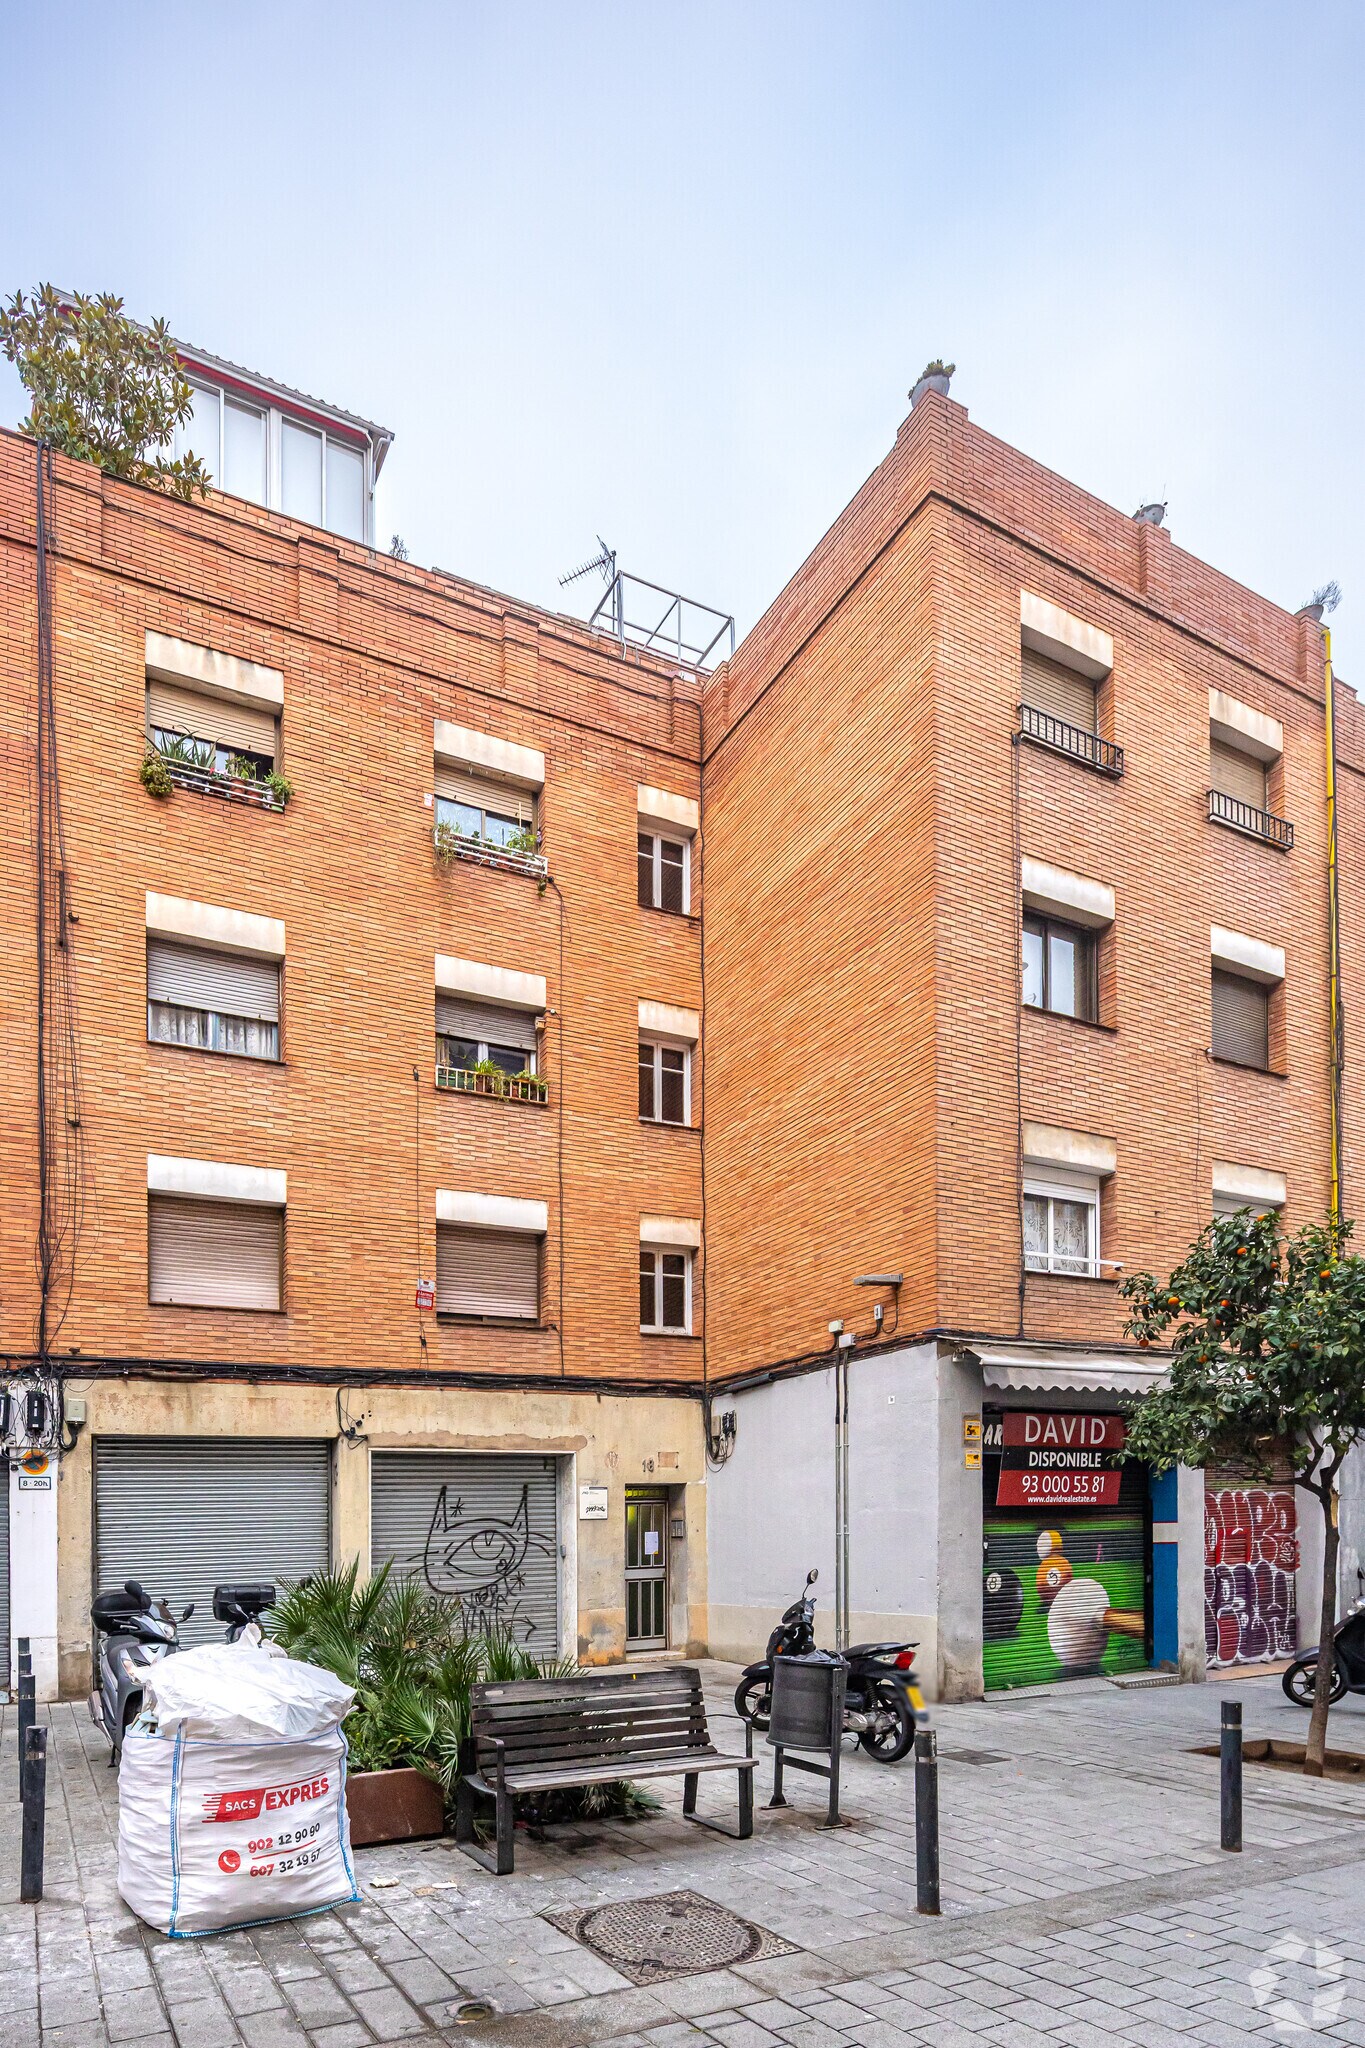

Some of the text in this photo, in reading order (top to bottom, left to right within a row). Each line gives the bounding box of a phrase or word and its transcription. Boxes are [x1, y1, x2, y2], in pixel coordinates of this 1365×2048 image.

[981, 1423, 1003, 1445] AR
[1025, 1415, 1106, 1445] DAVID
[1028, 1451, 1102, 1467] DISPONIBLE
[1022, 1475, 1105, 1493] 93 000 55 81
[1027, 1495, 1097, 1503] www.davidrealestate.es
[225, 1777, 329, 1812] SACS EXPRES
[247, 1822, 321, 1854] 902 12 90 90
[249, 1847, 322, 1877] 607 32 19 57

*GOAL OF THE EXERCISE*:
With the images left out, set down every entry exactly.

*WRITTEN ANSWER*:
Some of the text in this photo, in reading order (top to bottom, left to right within a row). Each line gives the bounding box of a phrase or word and its transcription. Boxes are [x1, y1, x2, y2], in pixel coordinates of this 1365×2048 image.

[981, 1423, 1003, 1445] AR
[1025, 1415, 1106, 1445] DAVID
[1028, 1451, 1102, 1467] DISPONIBLE
[1022, 1475, 1105, 1493] 93 000 55 81
[1027, 1495, 1097, 1503] www.davidrealestate.es
[225, 1777, 329, 1812] SACS EXPRES
[247, 1822, 321, 1854] 902 12 90 90
[249, 1847, 322, 1877] 607 32 19 57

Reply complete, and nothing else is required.